Back to blog
#debugging#workflow#morning-review

How I debug failed overnight tasks at 7 AM

Wake up, open Zowl, check the dashboard. 48 done, 4 failed, 2 skipped. Here's my 15-minute morning review process.

How I debug failed overnight tasks at 7 AM

The alarm goes off

6:58 AM. Coffee isn't ready yet but I'm already reaching for the MacBook. This is the part most people ask about: what does the morning actually look like when you've had agents coding all night?

It looks boring. That's the honest answer. I open Zowl, look at the dashboard, and read numbers. Today's numbers: 48 done, 4 failed, 2 skipped. That's a solid night.

Step one: ignore the green

The 48 passed tasks don't need me yet. I'll review their code later. Right now, I only care about the red.

I open the failed tasks view and sort by pipeline step. This matters because where a task failed tells me what kind of problem it is before I even read the log:

  • Failed at pre-check = the agent couldn't understand the task or found a conflict with existing code
  • Failed at implement = the agent got stuck during execution
  • Failed at validate = the code was written but didn't pass checks

Each failure type has a different fix. Knowing the step saves me from reading the entire session log top to bottom.
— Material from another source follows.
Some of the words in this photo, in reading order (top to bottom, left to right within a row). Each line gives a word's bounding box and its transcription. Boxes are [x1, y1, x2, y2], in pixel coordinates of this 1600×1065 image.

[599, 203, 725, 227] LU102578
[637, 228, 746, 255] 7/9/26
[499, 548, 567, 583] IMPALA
Step two: read the error, not the whole log

Session logs from overnight runs can be long. I'm talking 3,000+ lines for a complex task. Reading all of that at 7 AM with half a cup of coffee in me is not happening.
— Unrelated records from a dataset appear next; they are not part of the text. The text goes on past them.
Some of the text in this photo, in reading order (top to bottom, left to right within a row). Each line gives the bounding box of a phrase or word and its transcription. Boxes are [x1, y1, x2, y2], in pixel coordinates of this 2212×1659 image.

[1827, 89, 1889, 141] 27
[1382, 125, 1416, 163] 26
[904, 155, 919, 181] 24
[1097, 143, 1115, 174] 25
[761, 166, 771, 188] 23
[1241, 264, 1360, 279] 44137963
Here's my shortcut. I open the session for a failed task and go straight to the step that failed. Zowl marks the failure point, so I don't have to scroll. I read the last 20-30 lines before the failure. That's where the actual error lives.

This morning, task #12 failed at validation. The last few lines:

FAIL src/lib/scheduler/__tests__/recurrence.test.ts
  ● Recurrence › should handle monthly recurrence on the 31st

    Expected: "2026-03-31"
    Received: "2026-03-28"

Tests: 1 failed, 14 passed, 15 total

That tells me everything. The agent wrote a recurrence function that doesn't handle months with fewer than 31 days. It's a logic bug, not a hallucination. The validation step caught it because the acceptance criteria in the PRD specified "handle months with varying lengths." Good. The test worked. The implementation didn't.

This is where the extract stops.